Here we describe a further improved and refined version of the M. truncatula genome (Mt4.0) based on de novo whole genome shotgun assembly of a majority of Illumina and 454 reads using ALLPATHS-LG. The ALLPATHS-LG scaffolds were anchored onto the pseudomolecules on the basis of alignments to both the optical map and the genotyping-by-sequencing (GBS) map. The Mt4.0 pseudomolecules encompass ~360 Mb of actual sequences spanning 390 Mb of which ~330 Mb align perfectly with the optical map, presenting a drastic improvement over the BAC-based Mt3.5 which only contained 70% sequences (~250 Mb) of the current version. Most of the sequences and genes that previously resided on the unanchored portion of Mt3.5 have now been incorporated into the Mt4.0 pseudomolecules, with the exception of ~28 Mb of unplaced sequences. With regard to gene annotation, the genome has been re-annotated through our gene prediction pipeline, which integrates EST, RNA-seq, protein and gene prediction evidences.
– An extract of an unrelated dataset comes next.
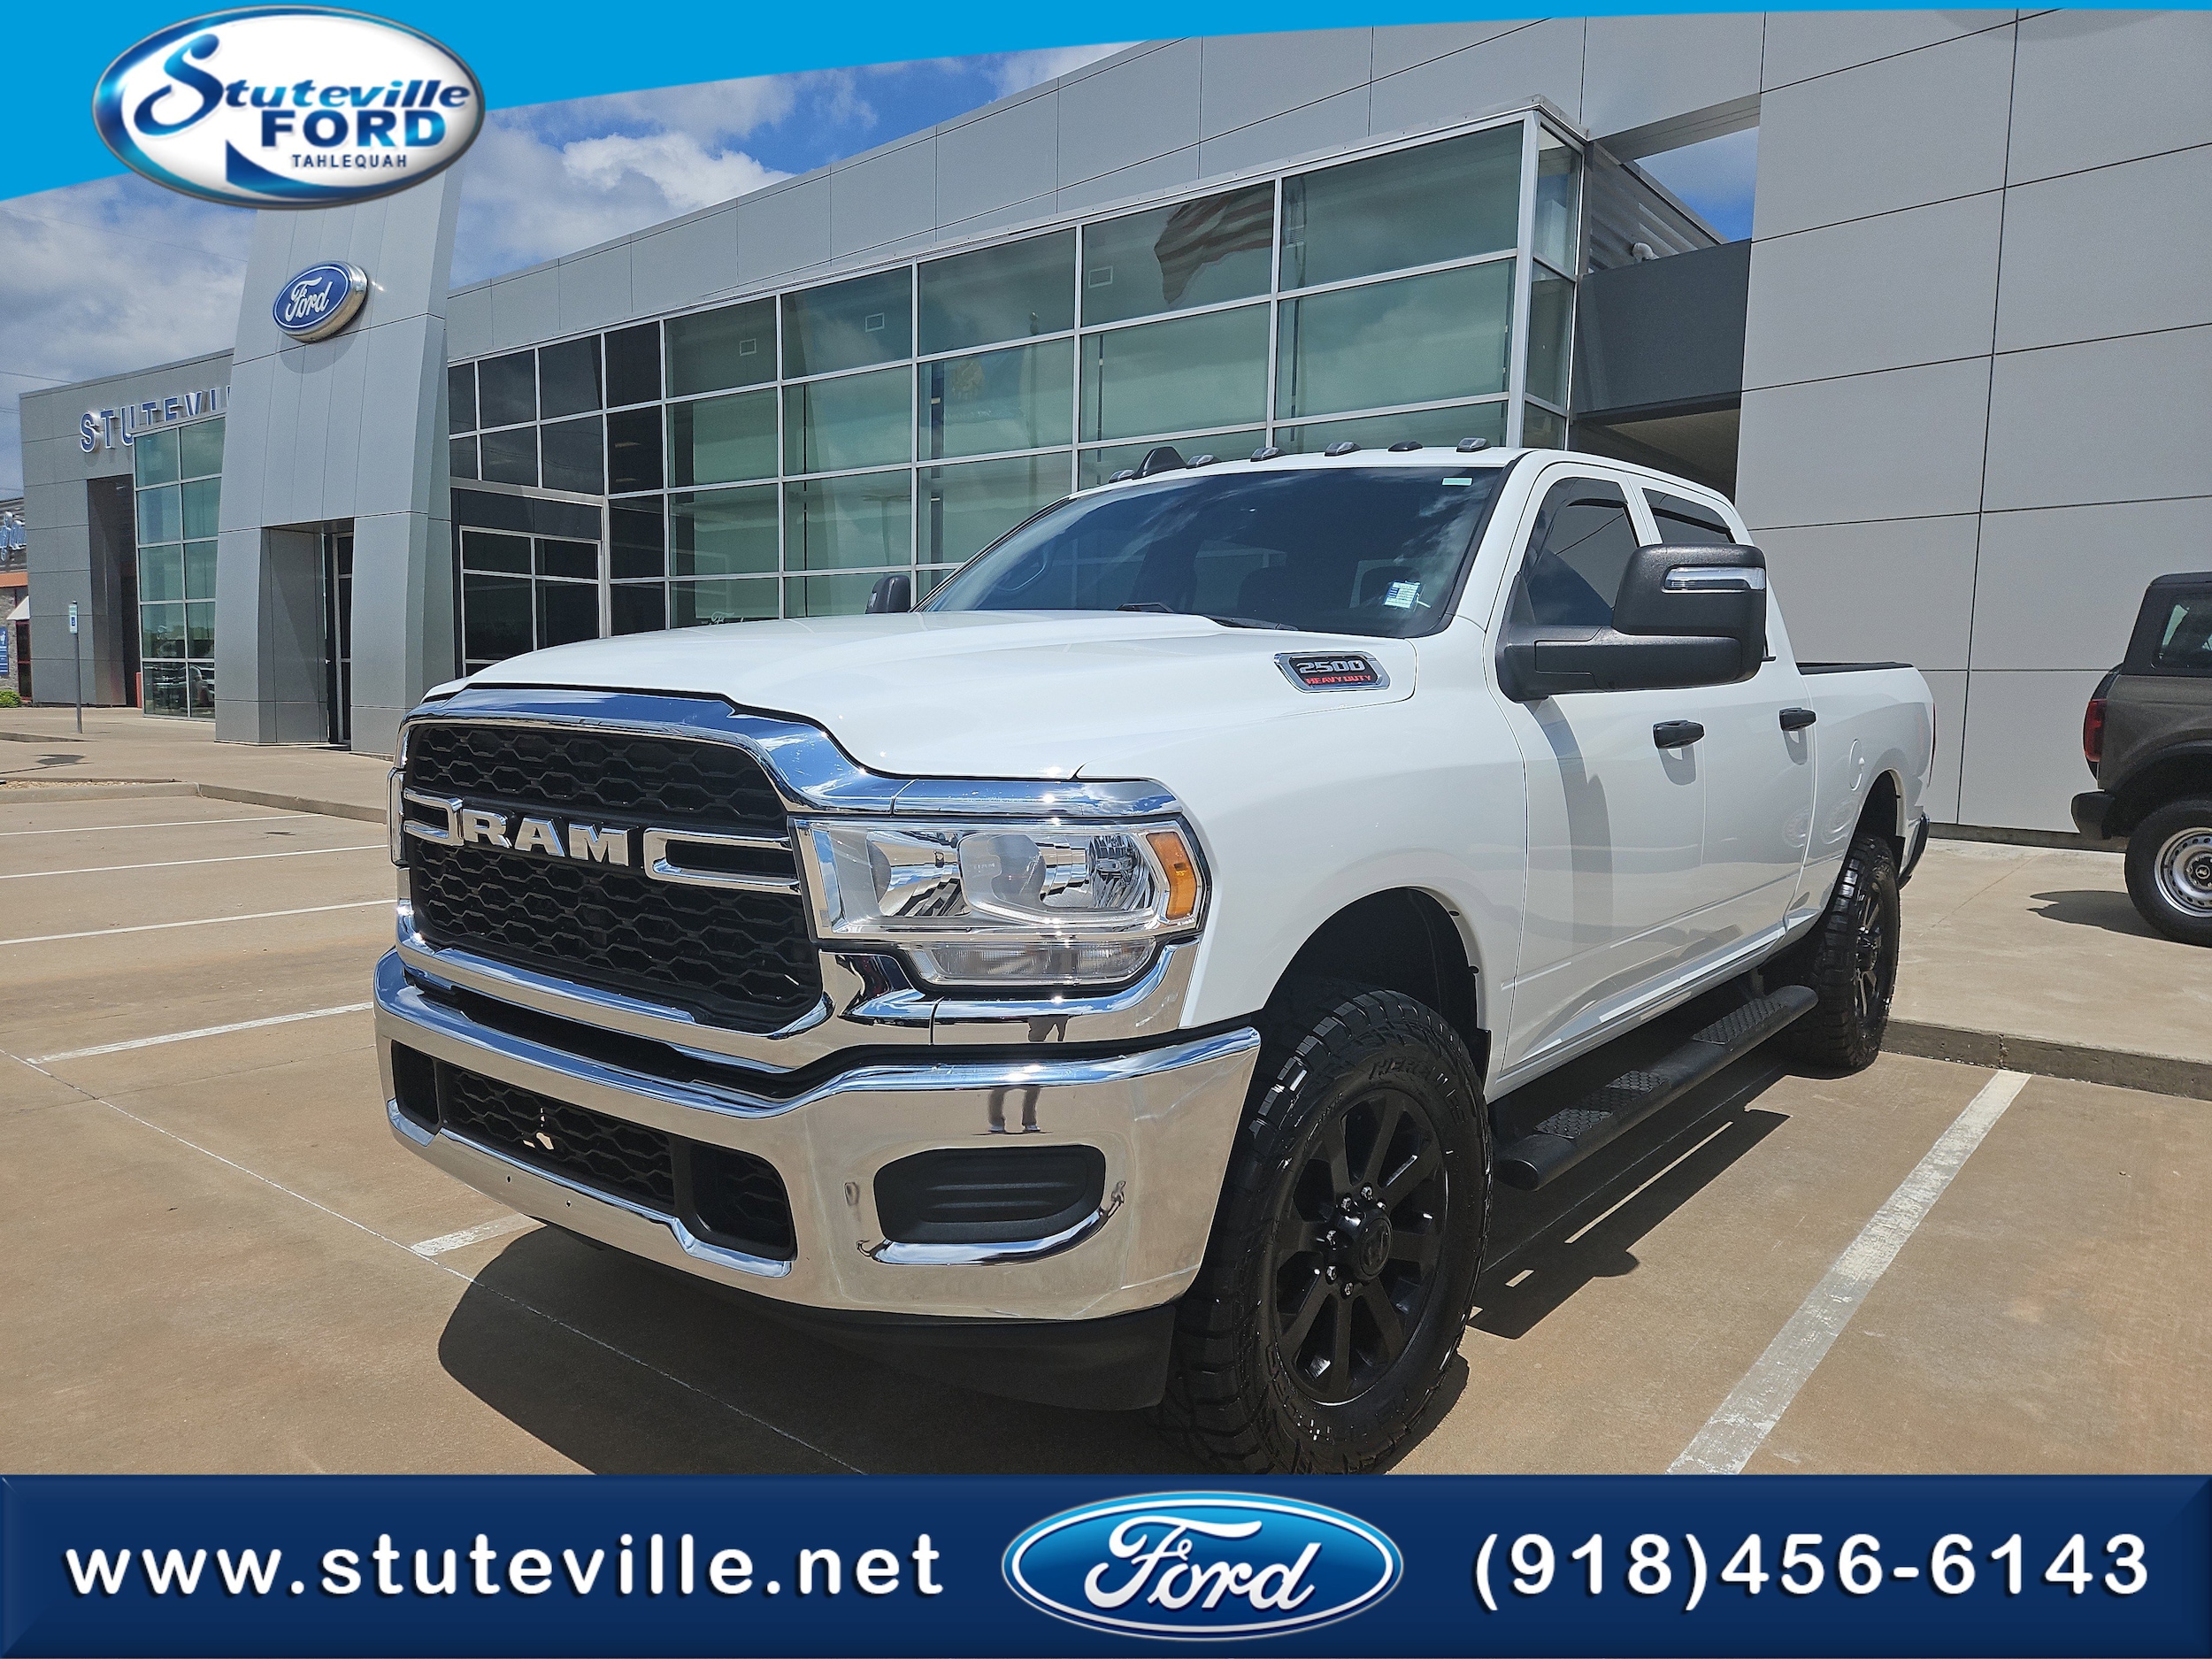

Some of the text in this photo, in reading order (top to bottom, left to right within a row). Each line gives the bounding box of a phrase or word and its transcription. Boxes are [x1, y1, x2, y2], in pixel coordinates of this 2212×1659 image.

A total of 50,894 genes (31,661 high confidence and 19,233 low confidence) are included in Mt4.0 which overlapped with ~82% of the gene loci annotated in Mt3.5. Of the remaining genes, 14% of the Mt3.5 genes have been deprecated to an "unsupported" status and 4% are absent from the Mt4.0 predictions.
Mt4.0 and its associated resources, such as genome browsers, BLAST-able datasets and gene information pages, can be found on the JCVI Medicago web site (http://www.jcvi.org/medicago). The assembly and annotation has been deposited in GenBank (BioProject: PRJNA10791). The heavily curated chromosomal sequences and associated gene models of Medicago will serve as a better reference for legume biology and comparative genomics.